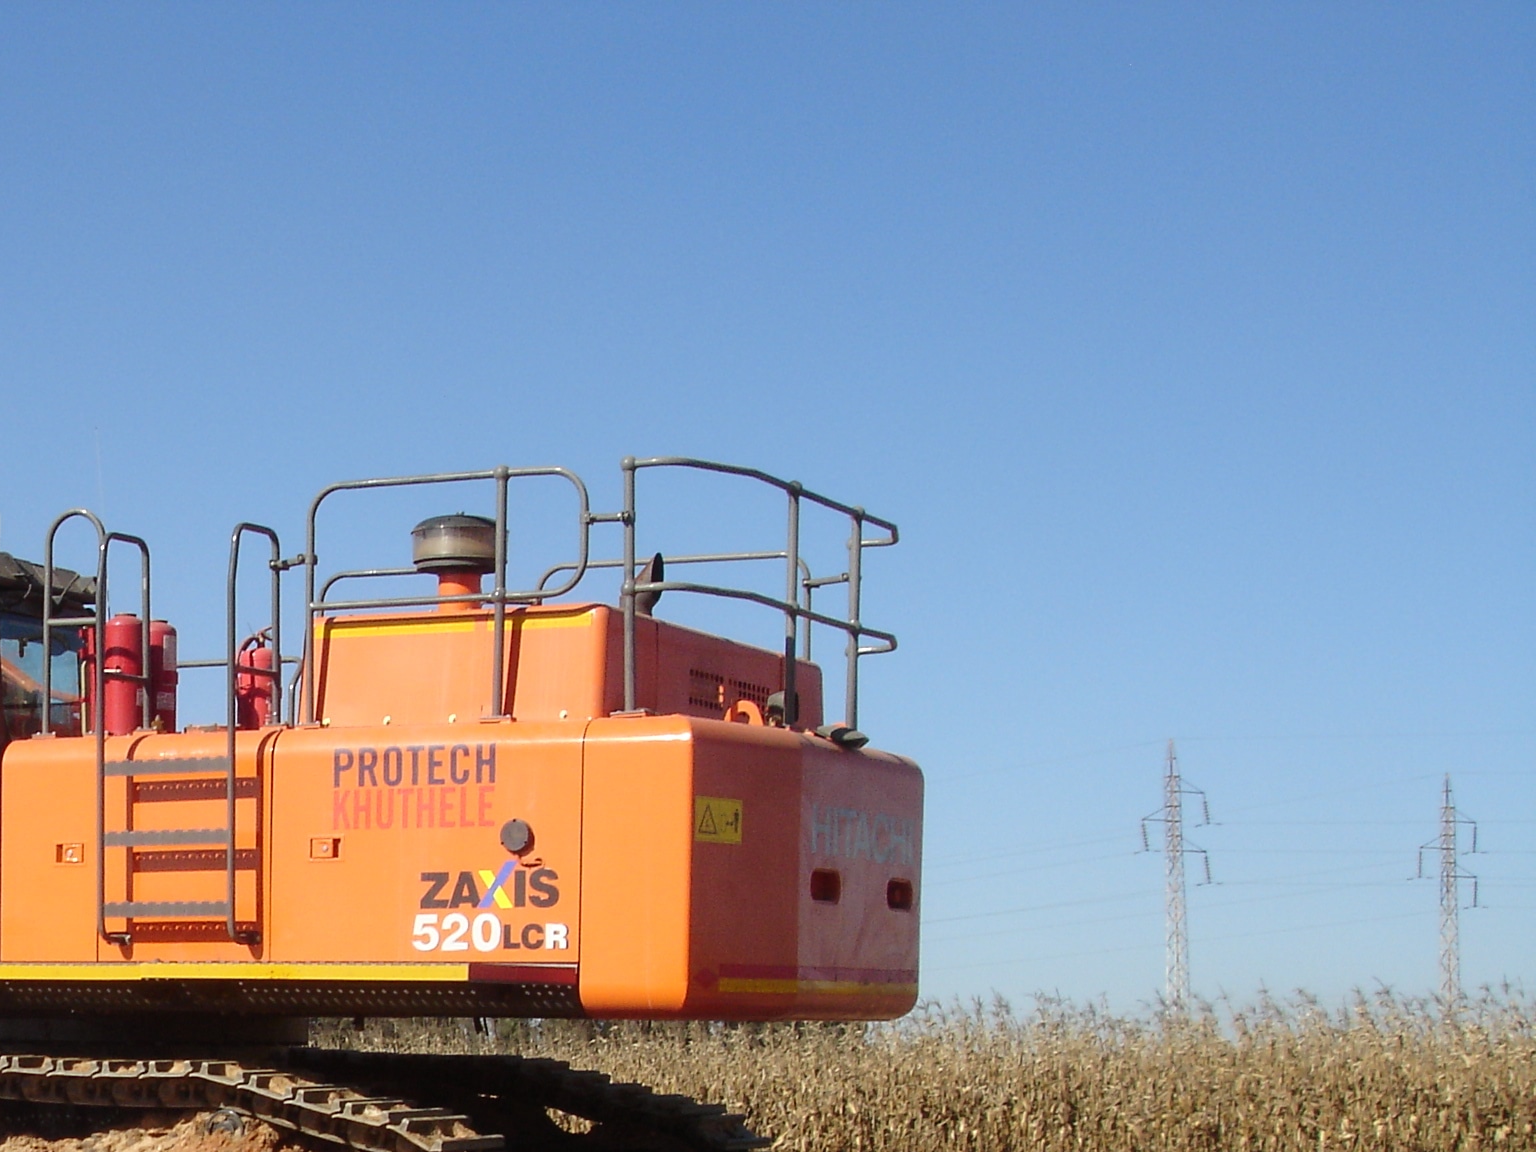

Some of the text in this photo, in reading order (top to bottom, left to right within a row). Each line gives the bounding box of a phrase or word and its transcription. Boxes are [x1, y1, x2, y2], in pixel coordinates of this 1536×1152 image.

[333, 743, 497, 788] PROTECH
[332, 785, 496, 830] KHUTHELE
[812, 801, 914, 867] HITACHI
[420, 860, 560, 909] ZAXIS
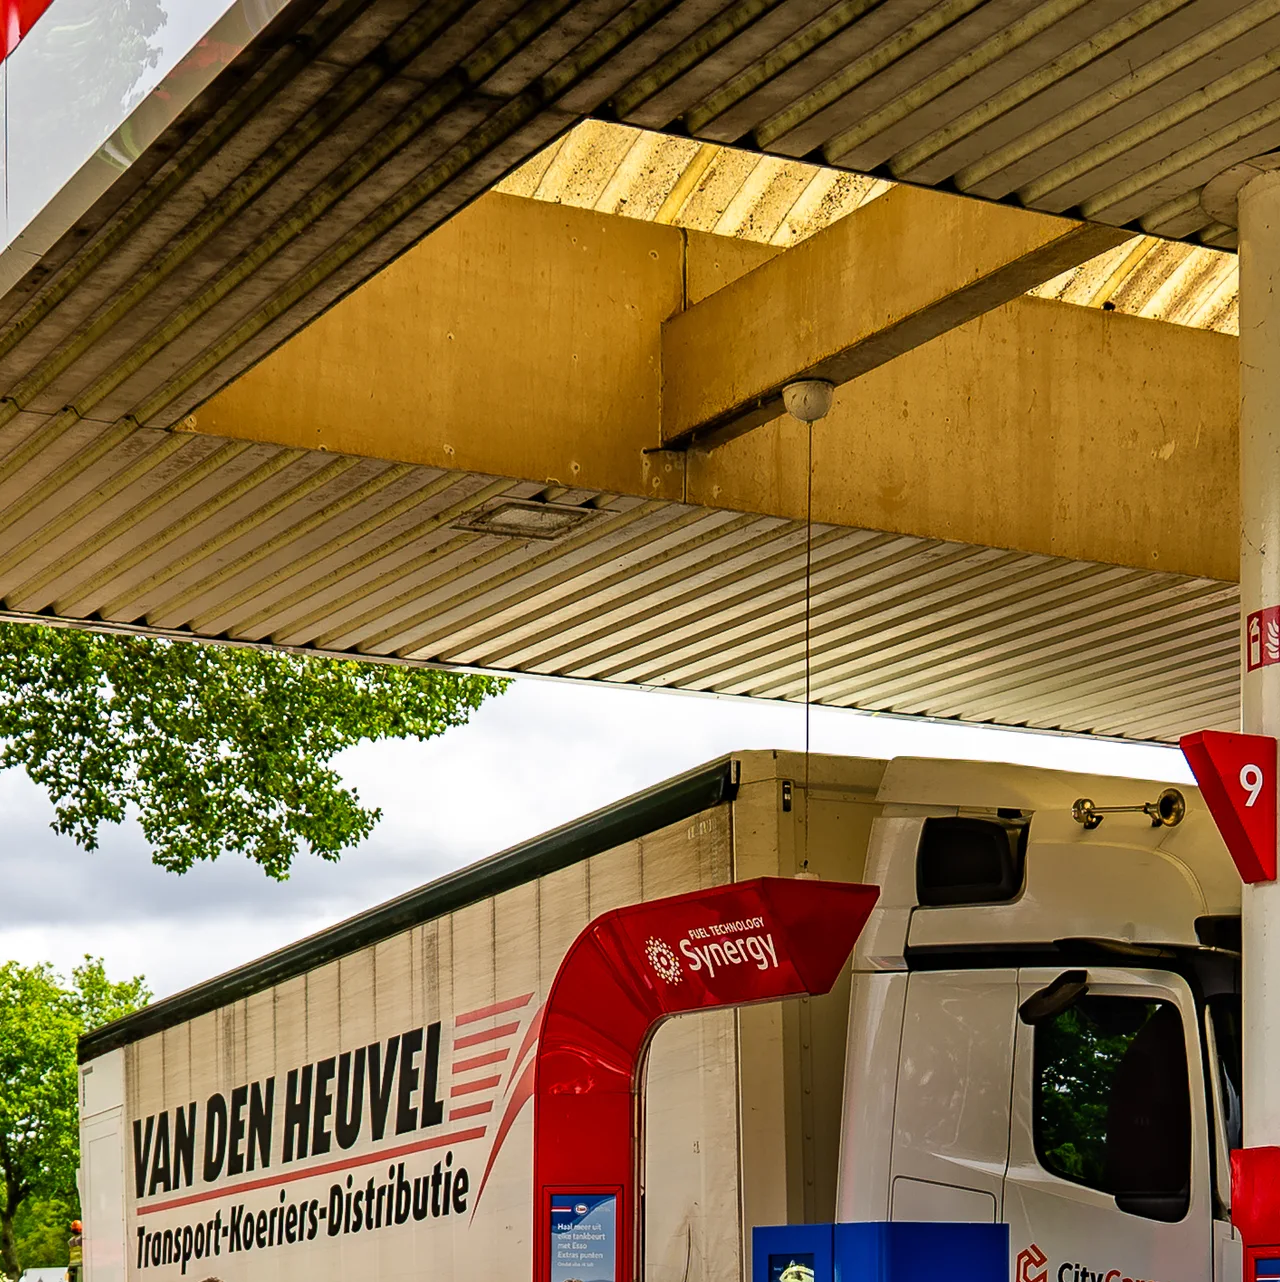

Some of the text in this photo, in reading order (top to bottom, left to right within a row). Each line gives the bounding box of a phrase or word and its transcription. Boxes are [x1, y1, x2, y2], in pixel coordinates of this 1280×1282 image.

[1239, 764, 1264, 806] 9
[688, 916, 764, 940] FUEL TECHNOLOGY
[679, 933, 779, 978] Synergy
[133, 1020, 444, 1199] VAN DEN HEUVEL
[136, 1150, 469, 1275] Transport-Koeriers-Distributie
[557, 1222, 573, 1230] Haal
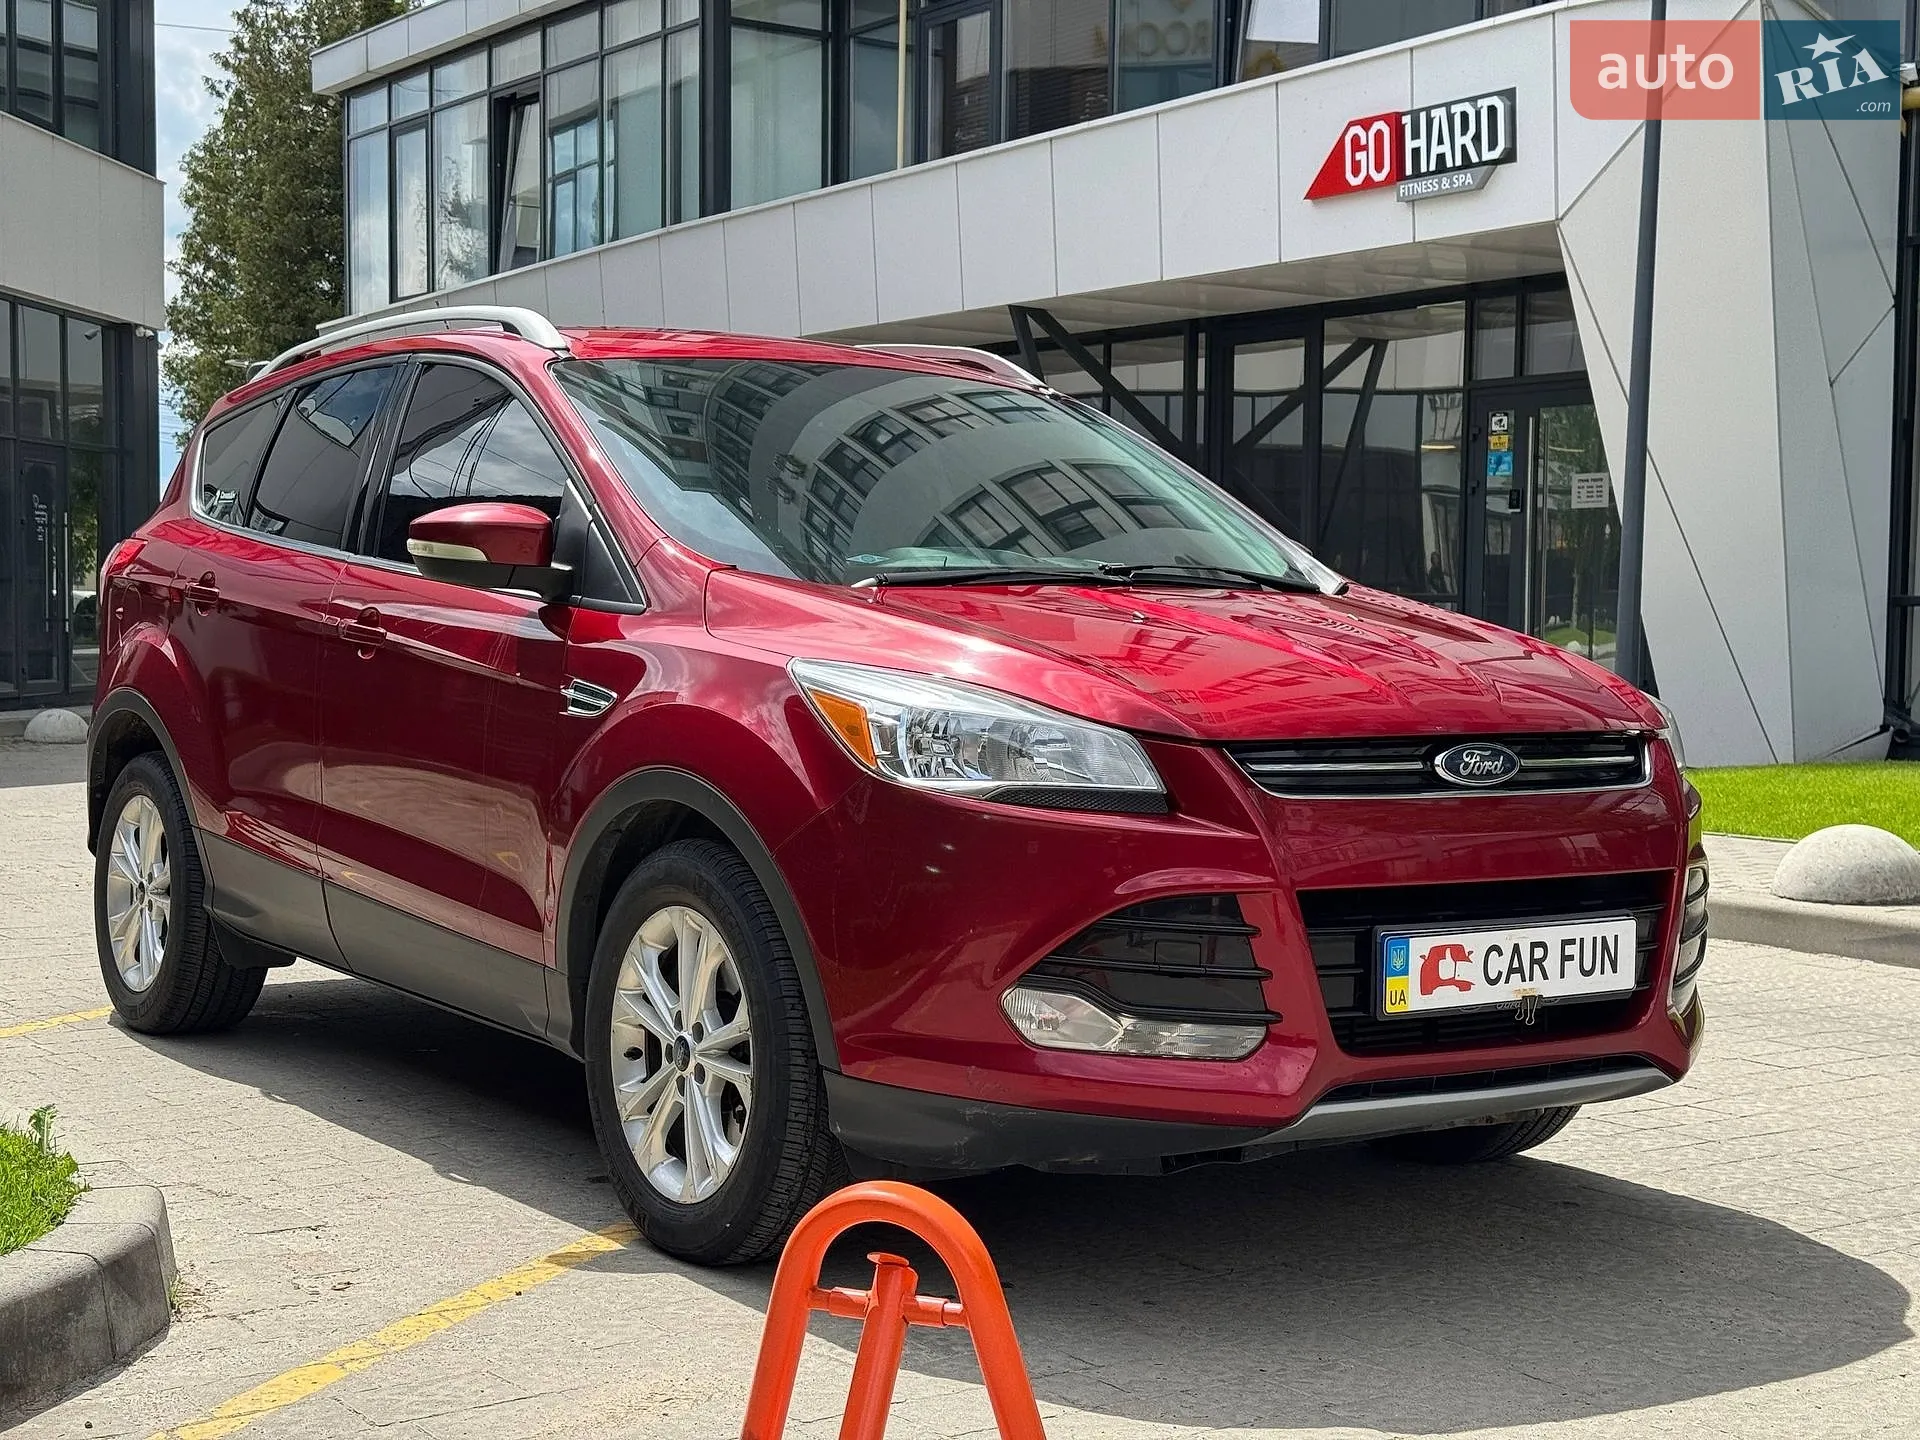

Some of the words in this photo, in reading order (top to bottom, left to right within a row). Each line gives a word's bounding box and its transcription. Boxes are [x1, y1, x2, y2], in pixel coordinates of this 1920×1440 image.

[1344, 120, 1391, 186] GO
[1402, 95, 1506, 176] HARD
[1400, 178, 1440, 197] FITNESS
[1441, 177, 1451, 190] &
[1452, 173, 1474, 189] SPA
[1459, 749, 1505, 776] Ford
[1483, 940, 1549, 986] CAR
[1559, 934, 1619, 980] FUN
[1390, 990, 1406, 1006] UA
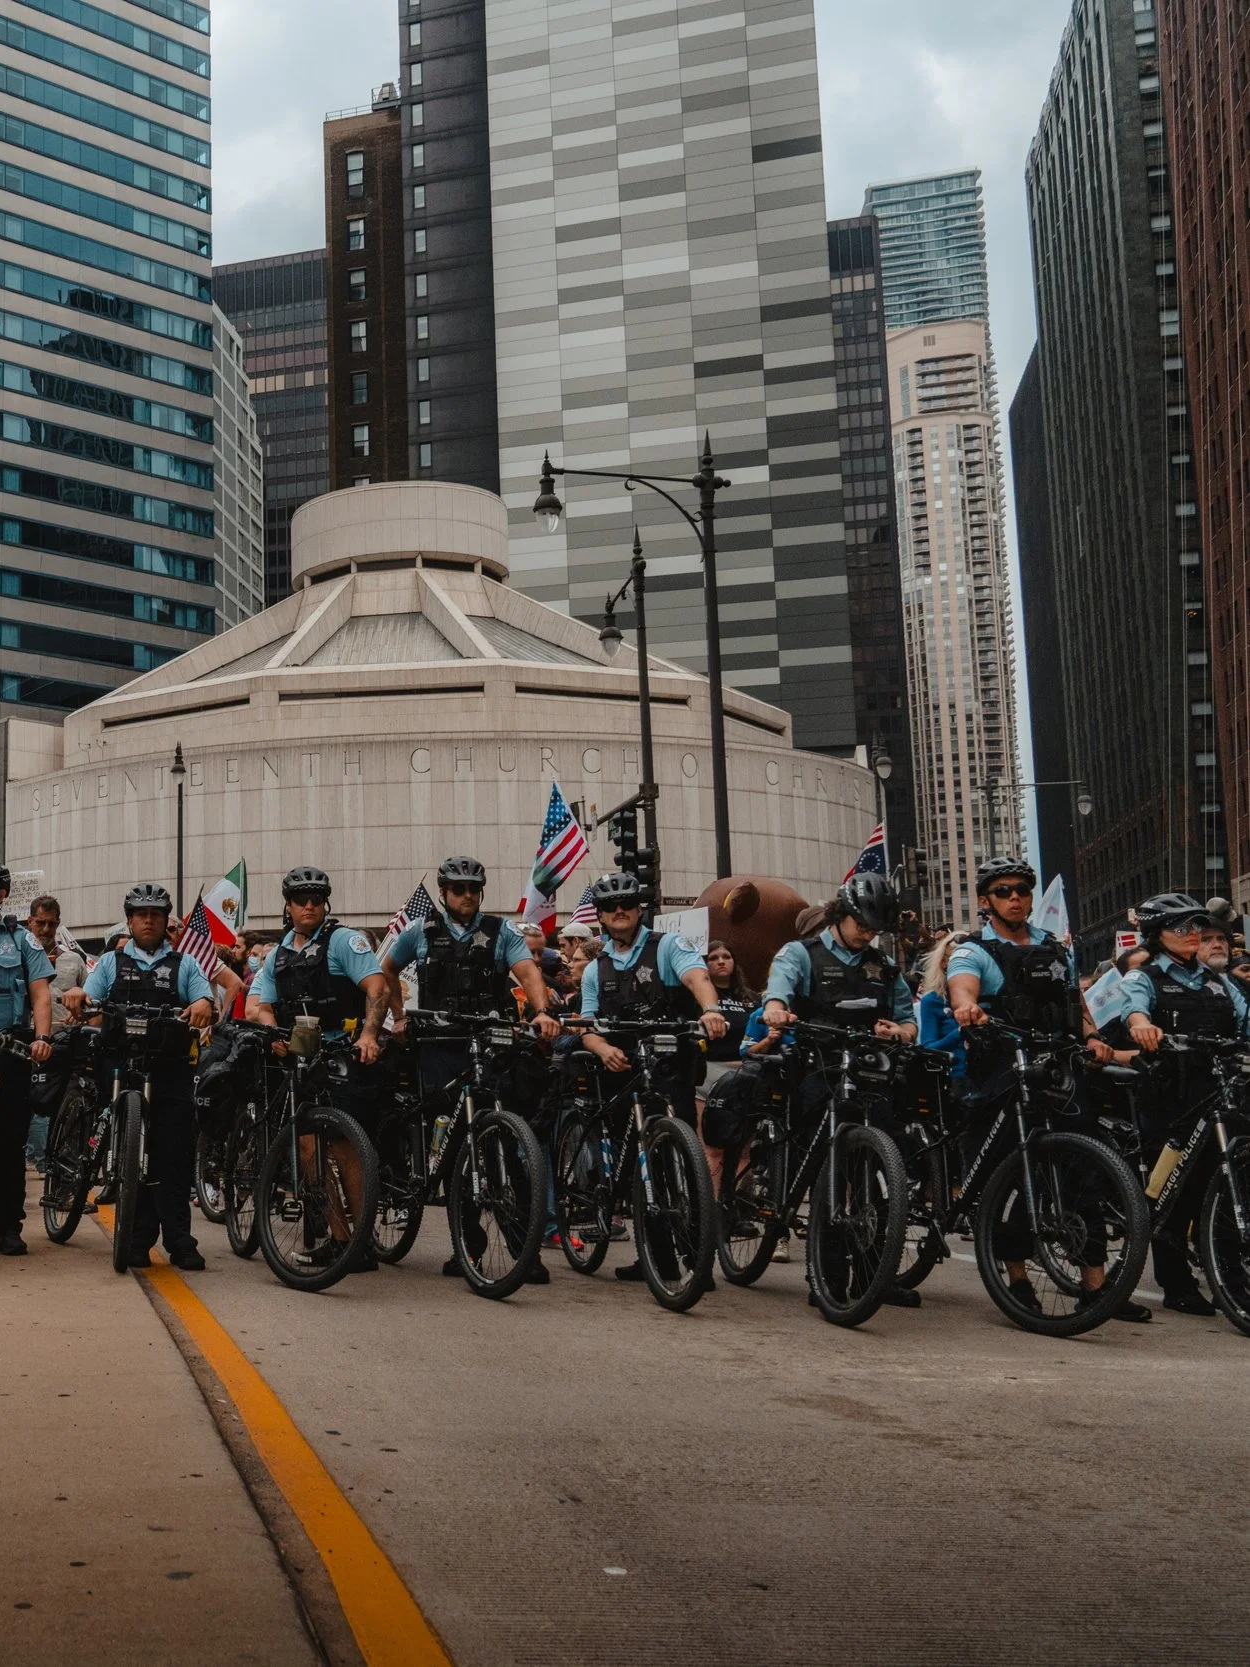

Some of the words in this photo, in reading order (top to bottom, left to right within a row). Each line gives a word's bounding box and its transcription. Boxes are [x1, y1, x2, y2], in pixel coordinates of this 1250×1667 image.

[31, 750, 363, 812] SEVENTEENTH
[409, 746, 640, 776] CHURCH
[432, 1135, 449, 1175] CHICAGO
[958, 1155, 982, 1200] CHICAGO
[980, 1121, 1001, 1157] POLICE
[1154, 1167, 1180, 1211] CHICAGO
[1178, 1128, 1201, 1168] POLICE

------------------------------

#### Aim of the exercise
Every line from the one containing "this 1920×1440 image." through the last line of the listing must be written out again exactly, and no other line. Leave the pictures aside.

#### Task answer
Some of the words in this photo, in reading order (top to bottom, left to right within a row). Each line gives a word's bounding box and its transcription. Boxes are [x1, y1, x2, y2], in pixel coordinates of this 1920×1440 image.

[1344, 120, 1391, 186] GO
[1402, 95, 1506, 176] HARD
[1400, 178, 1440, 197] FITNESS
[1441, 177, 1451, 190] &
[1452, 173, 1474, 189] SPA
[1459, 749, 1505, 776] Ford
[1483, 940, 1549, 986] CAR
[1559, 934, 1619, 980] FUN
[1390, 990, 1406, 1006] UA

Some of the words in this photo, in reading order (top to bottom, left to right within a row). Each line gives a word's bounding box and its transcription. Boxes are [x1, y1, x2, y2], in pixel coordinates of this 1250×1667 image.

[31, 750, 363, 812] SEVENTEENTH
[409, 746, 640, 776] CHURCH
[432, 1135, 449, 1175] CHICAGO
[958, 1155, 982, 1200] CHICAGO
[980, 1121, 1001, 1157] POLICE
[1154, 1167, 1180, 1211] CHICAGO
[1178, 1128, 1201, 1168] POLICE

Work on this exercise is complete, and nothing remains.